Do ponto de vista de um líder social, representante dos usuários da concessionária, a confiança aparece subentendida no relato sobre a melhoria do relacionamento:

Hoje eu entendo a posição da Ampla. É um diálogo porque eles ouvem as nossas críticas. Eu costumo dizer que tudo que é bom tem uma coisa que é falha. [...] Existem falhas? Existem falhas, mas as falhas que eu vejo são coisas pequenas. As coisas positivas que eu vejo são mais aproveitáveis. Tem muito mais ganhos do que perdas [...]. (informação verbal) [de uma liderança social pesquisada]. (FERREIRA, 2011, p. 288).

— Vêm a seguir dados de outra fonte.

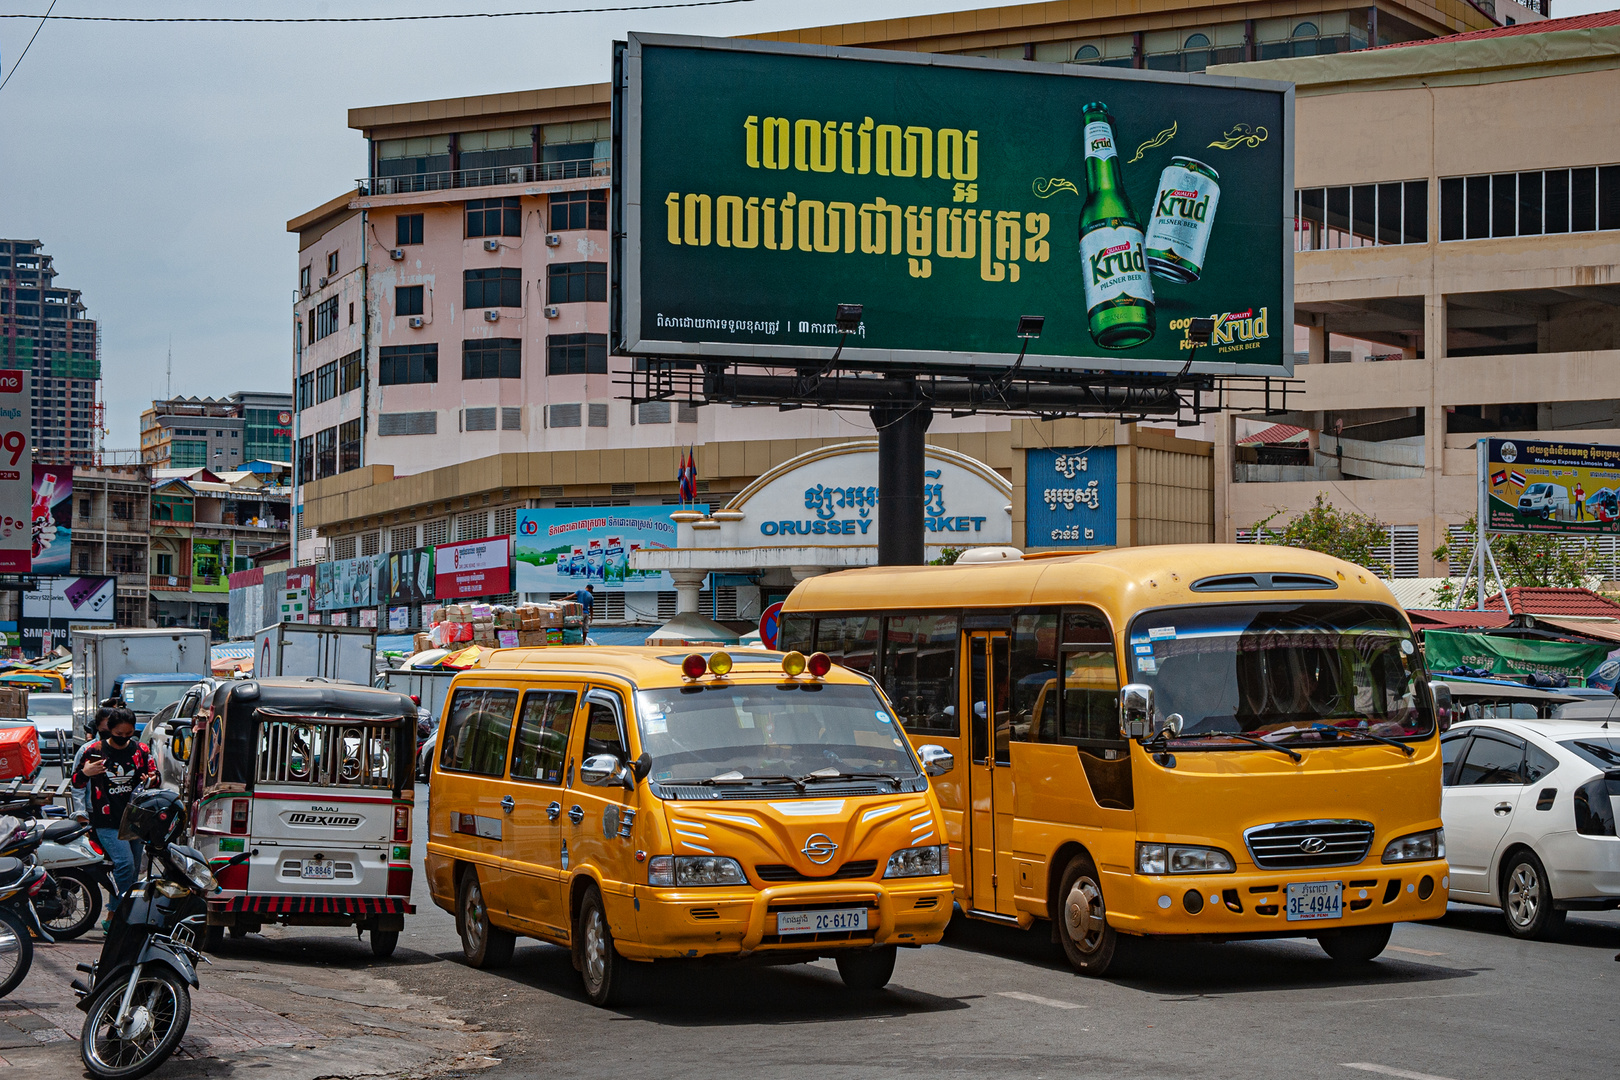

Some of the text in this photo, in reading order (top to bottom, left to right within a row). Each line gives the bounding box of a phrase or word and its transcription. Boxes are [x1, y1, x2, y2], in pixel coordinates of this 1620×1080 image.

[744, 115, 978, 203] ពេលវេលាល្អ
[1155, 189, 1210, 223] Krud
[1183, 221, 1198, 229] BEER
[1106, 244, 1128, 254] QUALITY
[1089, 242, 1147, 286] Krud
[1100, 276, 1126, 291] PILSNER
[1229, 312, 1251, 320] QUALITY
[1169, 318, 1193, 330] GOO
[1211, 307, 1269, 346] Krud
[1218, 343, 1244, 353] PILSNER
[1245, 341, 1261, 350] BEER
[0, 431, 26, 466] 9
[654, 522, 675, 533] 100%
[760, 516, 987, 535] ORUSSEY RKET
[1084, 526, 1094, 540] ២
[108, 785, 132, 794] adidas
[289, 813, 360, 826] Maxima
[1290, 895, 1339, 914] 3E-4944
[816, 913, 860, 929] 2C-6179

Ao instituir o programa de diálogo social com a comunidade do entorno, a Ampla introduziu uma estratégia de comunicação que implica, igualmente, cuidado com o relacionamento. A empresa se dispôs a ouvir esse stakeholder e o estudo da USP indica avanços nas relações. Embora não seja possível afirmar categoricamente que os relacionamentos construídos a partir dos contatos face a face refletem um alto nível de qualidade, as conclusões do autor e depoimentos apresentados permitem inferir que não se trata de relações superficiais.

As comunidades estudadas por Ferreira8 constituem um importante público externo com o qual a empresa decidiu se relacionar. Assim como os habitantes do entorno, outros grupos configuram-se como relevantes, seja para legitimar a reputação organizacional, seja para ampliar seus negócios (e lucros). A proximidade física é uma variável condicionante para a pesquisa que ele desenvolveu, entretanto, nem sempre o público de interesse se encontra tão acessível geograficamente.

O fato é que, esteja ele perto ou longe, “[...] as organizações geralmente tomam decisões melhores quando ouvem e colaboram com seus stakeholders, antes de tomar decisões finais, em vez de simplesmente tentar persuadi-los a aceitar os objetivos

organizacionais depois que as decisões são tomadas” (HON; GRUNIG, 1999, p. 8, tradução nossa)9.